Robert Smithson's Picturable Situation: Blasted Landscapes from the 1960s
by Ron Graziani

"In the October 1967 issue of ARTFORUM, Robert Smithson wrote a brief letter to the editor in response to Michael Fried's attack on minimalism: Fried's now- notorious article "Art and Objecthood" had appeared in the previous issue of the same publication. This letter unceremoniously claimed that Fried was "the first truly manneristic critic of 'modernity.'" For Smithson, Fried's account of minimalism had "set the critical stage for Manneristic Modernism," providing as it did a "ready-made parody of the war between Renaissance classicism (modernity) versus Manneristic anti-classicism (theater)." This caustic appraisal was more than just one of the Bowery boys taking a potshot at the crumbling hegemony of American modernism. Smithson felt the "syntax of his delivery" made Fried a "more interesting adversary" than many of the critics coming to terms with the contemporary art of the 1960s. Indeed the image of freedom that Fried so cogently defended in "Art and Objecthood" presented a compelling challenge to Smithson's artistic preference for what I call an aesthetics of confinement...

My analysis of the current status of the postmodern/ Smithson connection will reconsider the theoretical parameters that structured Smithson's artistic practice. This pursuit will relocate the success of Smithson's art within a continuum by reattaching it and its public success to the artistic category of the picturesque- sublime. With Fried's continued success, Smithson's letter to the editor-- which charged Fried's aesthetics with trying to resist the reality of the 1960s with an ontology that was no longer adequate to the task-- seems the appropriate, albeit arbitrary, vanishing point in that perspective.

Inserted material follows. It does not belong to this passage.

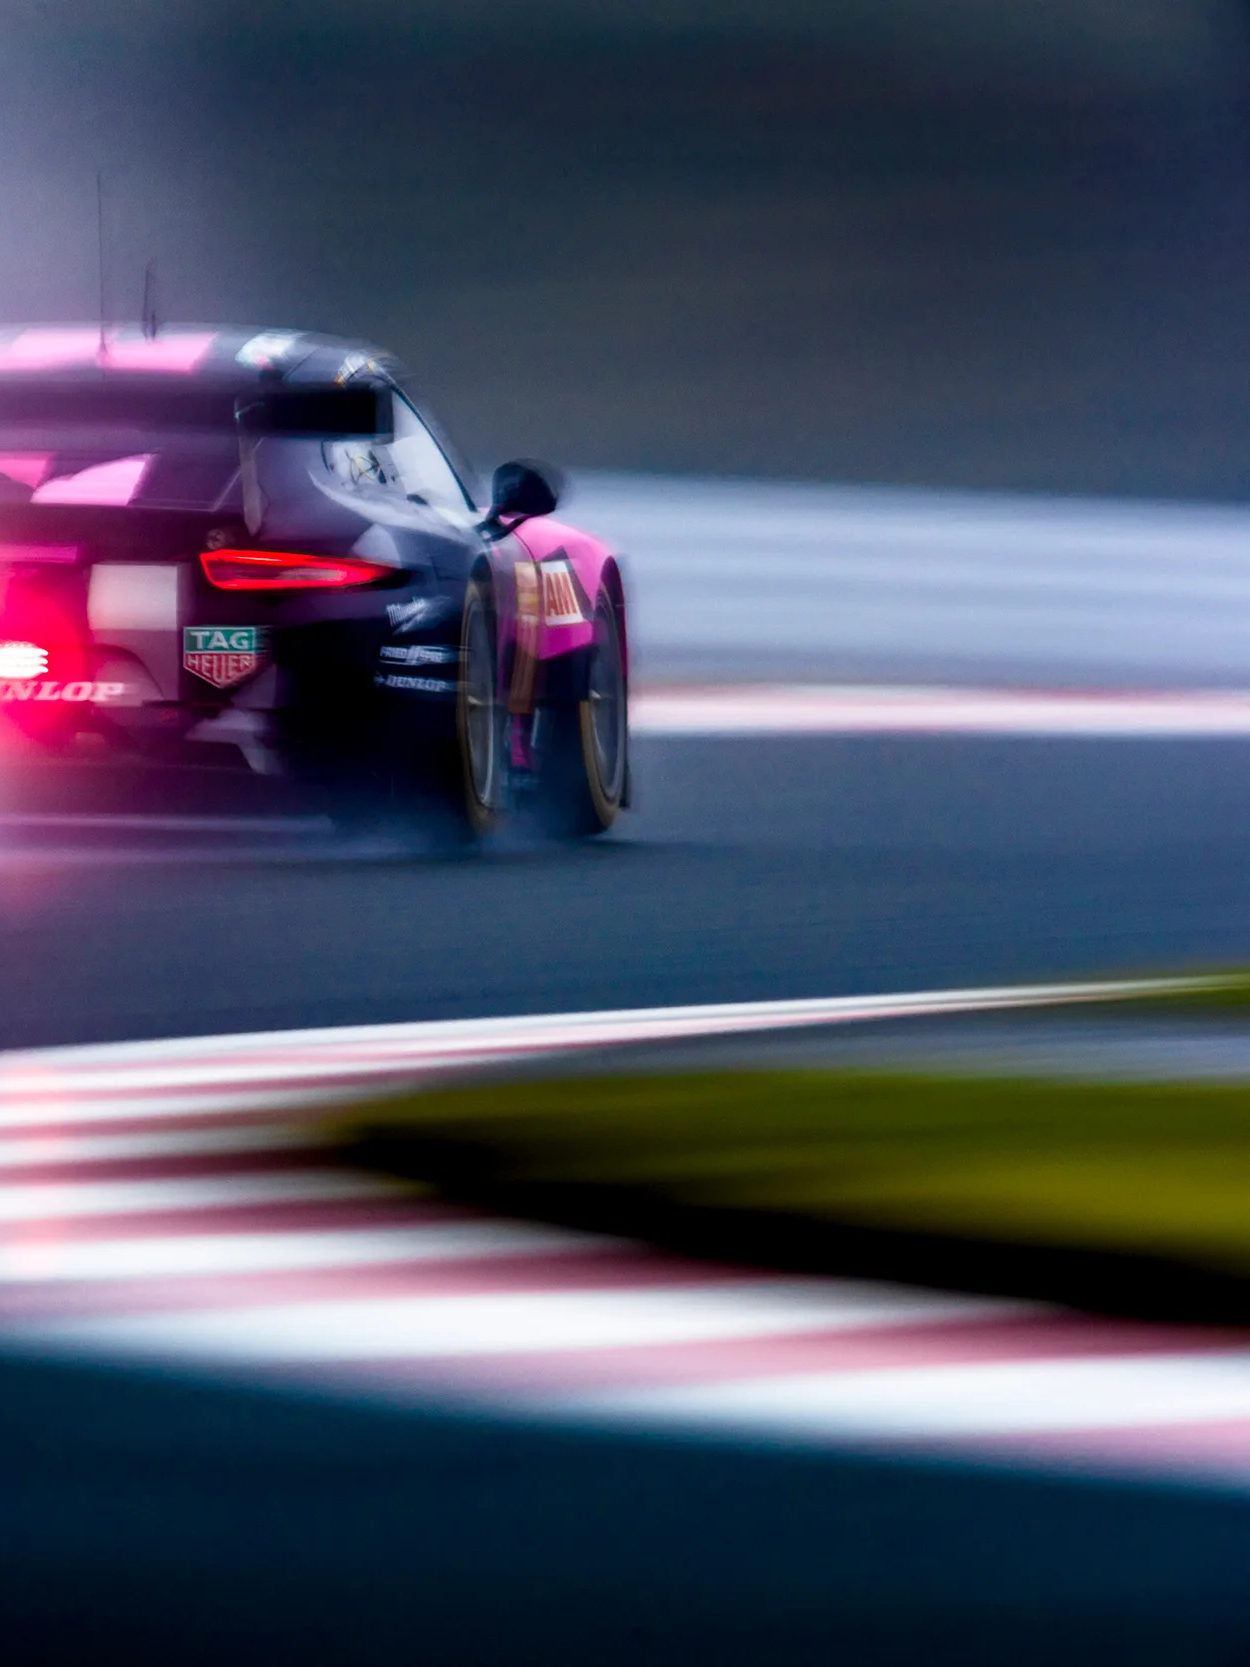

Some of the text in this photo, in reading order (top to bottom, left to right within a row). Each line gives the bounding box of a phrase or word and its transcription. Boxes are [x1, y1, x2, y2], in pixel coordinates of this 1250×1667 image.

Yet, by using ingredients from the category of the picturesque- sublime, this essay will attempt to reposition Smithson's work while redifferentiating the Octoberist/ Smithson relationship. I will also suggest how the significant aesthetic discourse (or anti-aesthetic discourse) of the Octoberists is no less autonomous of or resistant to-- in the Derridean sense of membership without participation-- what their achievements are inscribed within..."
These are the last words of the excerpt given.